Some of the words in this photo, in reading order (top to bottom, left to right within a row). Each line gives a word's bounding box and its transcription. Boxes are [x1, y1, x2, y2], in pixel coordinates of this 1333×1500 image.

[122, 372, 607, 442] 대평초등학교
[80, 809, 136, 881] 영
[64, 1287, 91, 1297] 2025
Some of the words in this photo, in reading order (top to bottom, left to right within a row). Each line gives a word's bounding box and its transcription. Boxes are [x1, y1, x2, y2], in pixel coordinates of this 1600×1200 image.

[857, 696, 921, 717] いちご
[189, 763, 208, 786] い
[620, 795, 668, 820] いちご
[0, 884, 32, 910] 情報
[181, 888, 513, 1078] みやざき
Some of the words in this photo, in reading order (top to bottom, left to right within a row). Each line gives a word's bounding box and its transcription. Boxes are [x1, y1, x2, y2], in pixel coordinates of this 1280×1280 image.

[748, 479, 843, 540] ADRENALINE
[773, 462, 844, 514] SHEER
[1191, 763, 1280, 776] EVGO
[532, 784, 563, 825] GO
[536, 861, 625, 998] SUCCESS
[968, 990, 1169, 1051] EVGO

***

* TASK GOAL
The lines from the one with "this 1280×1280 image." through the final line of the data are to be reproduced exactly, both included, with no other lines.

* RESPONSE BELOW
Some of the words in this photo, in reading order (top to bottom, left to right within a row). Each line gives a word's bounding box and its transcription. Boxes are [x1, y1, x2, y2], in pixel coordinates of this 1280×1280 image.

[748, 479, 843, 540] ADRENALINE
[773, 462, 844, 514] SHEER
[1191, 763, 1280, 776] EVGO
[532, 784, 563, 825] GO
[536, 861, 625, 998] SUCCESS
[968, 990, 1169, 1051] EVGO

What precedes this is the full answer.